## EXERCISE
The pictures are to be dropped, and the records below are to be restated word for word.

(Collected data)
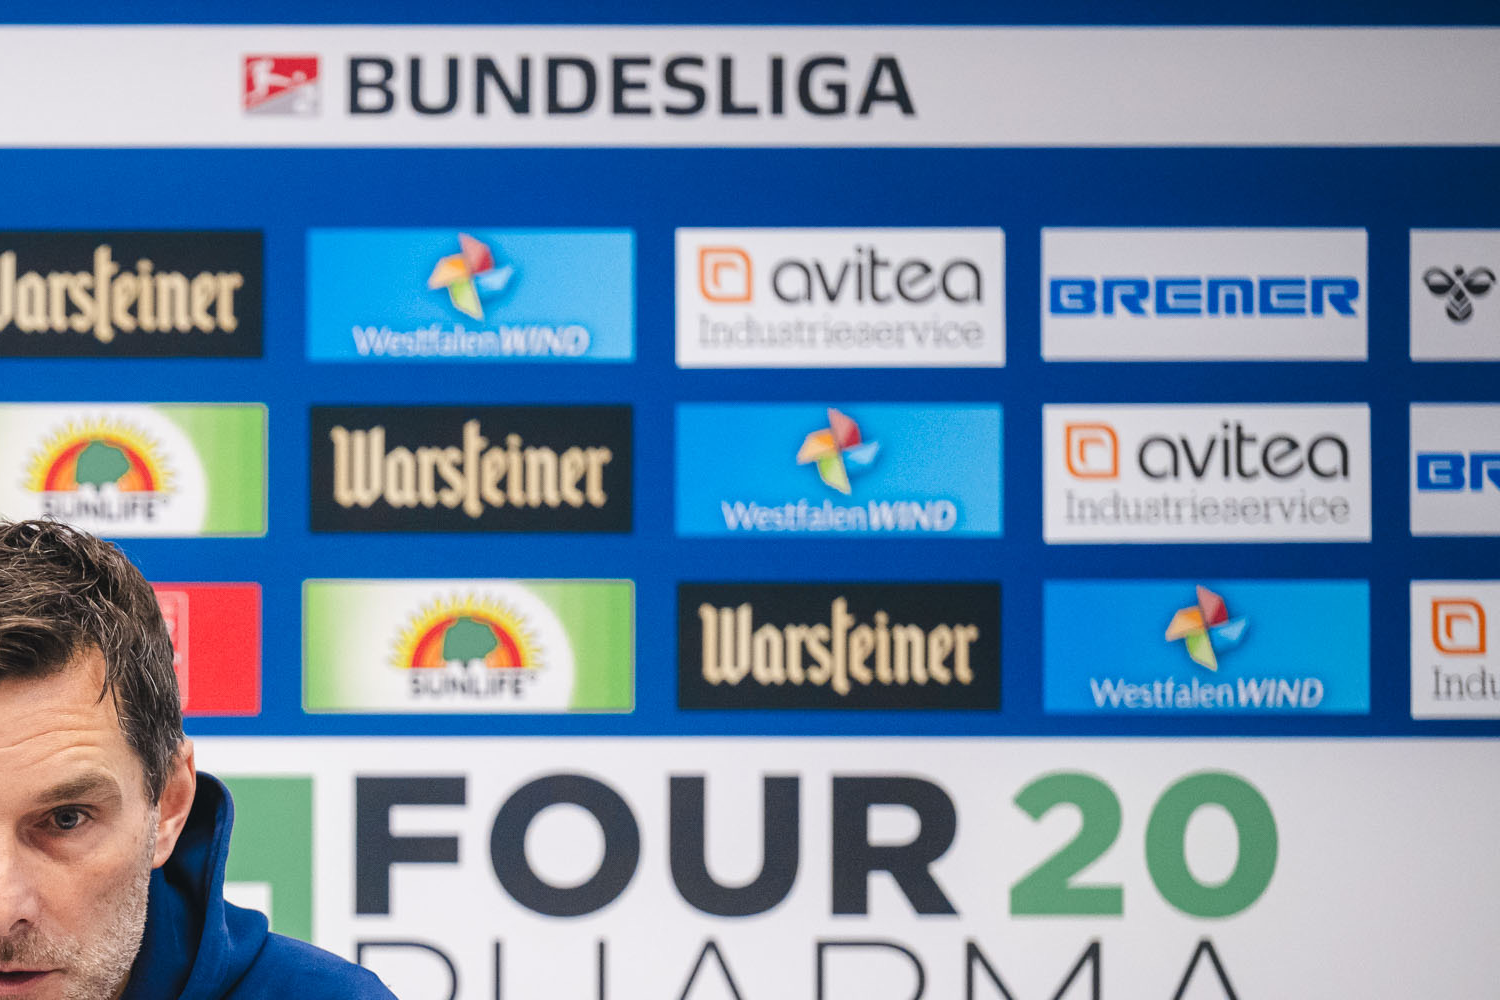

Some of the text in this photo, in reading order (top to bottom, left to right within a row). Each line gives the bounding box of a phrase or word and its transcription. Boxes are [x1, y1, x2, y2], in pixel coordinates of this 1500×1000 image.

[349, 55, 916, 117] BUNDESLIGA
[772, 247, 983, 304] avitea
[1049, 276, 1360, 317] BREMER
[699, 314, 985, 351] Industrieservice
[331, 420, 611, 517] Warsteiner
[1138, 422, 1349, 480] avitea
[1065, 490, 1351, 526] Industrieservice
[699, 598, 978, 695] Warsteiner
[409, 671, 524, 698] SUNLIFE
[1090, 676, 1324, 709] WestfalenWIND
[354, 770, 1279, 920] FOUR 20

## SOLUTION TO THE EXERCISE
Some of the text in this photo, in reading order (top to bottom, left to right within a row). Each line gives the bounding box of a phrase or word and its transcription. Boxes are [x1, y1, x2, y2], in pixel coordinates of this 1500×1000 image.

[349, 55, 916, 117] BUNDESLIGA
[772, 247, 983, 304] avitea
[1049, 276, 1360, 317] BREMER
[699, 314, 985, 351] Industrieservice
[331, 420, 611, 517] Warsteiner
[1138, 422, 1349, 480] avitea
[1065, 490, 1351, 526] Industrieservice
[699, 598, 978, 695] Warsteiner
[409, 671, 524, 698] SUNLIFE
[1090, 676, 1324, 709] WestfalenWIND
[354, 770, 1279, 920] FOUR 20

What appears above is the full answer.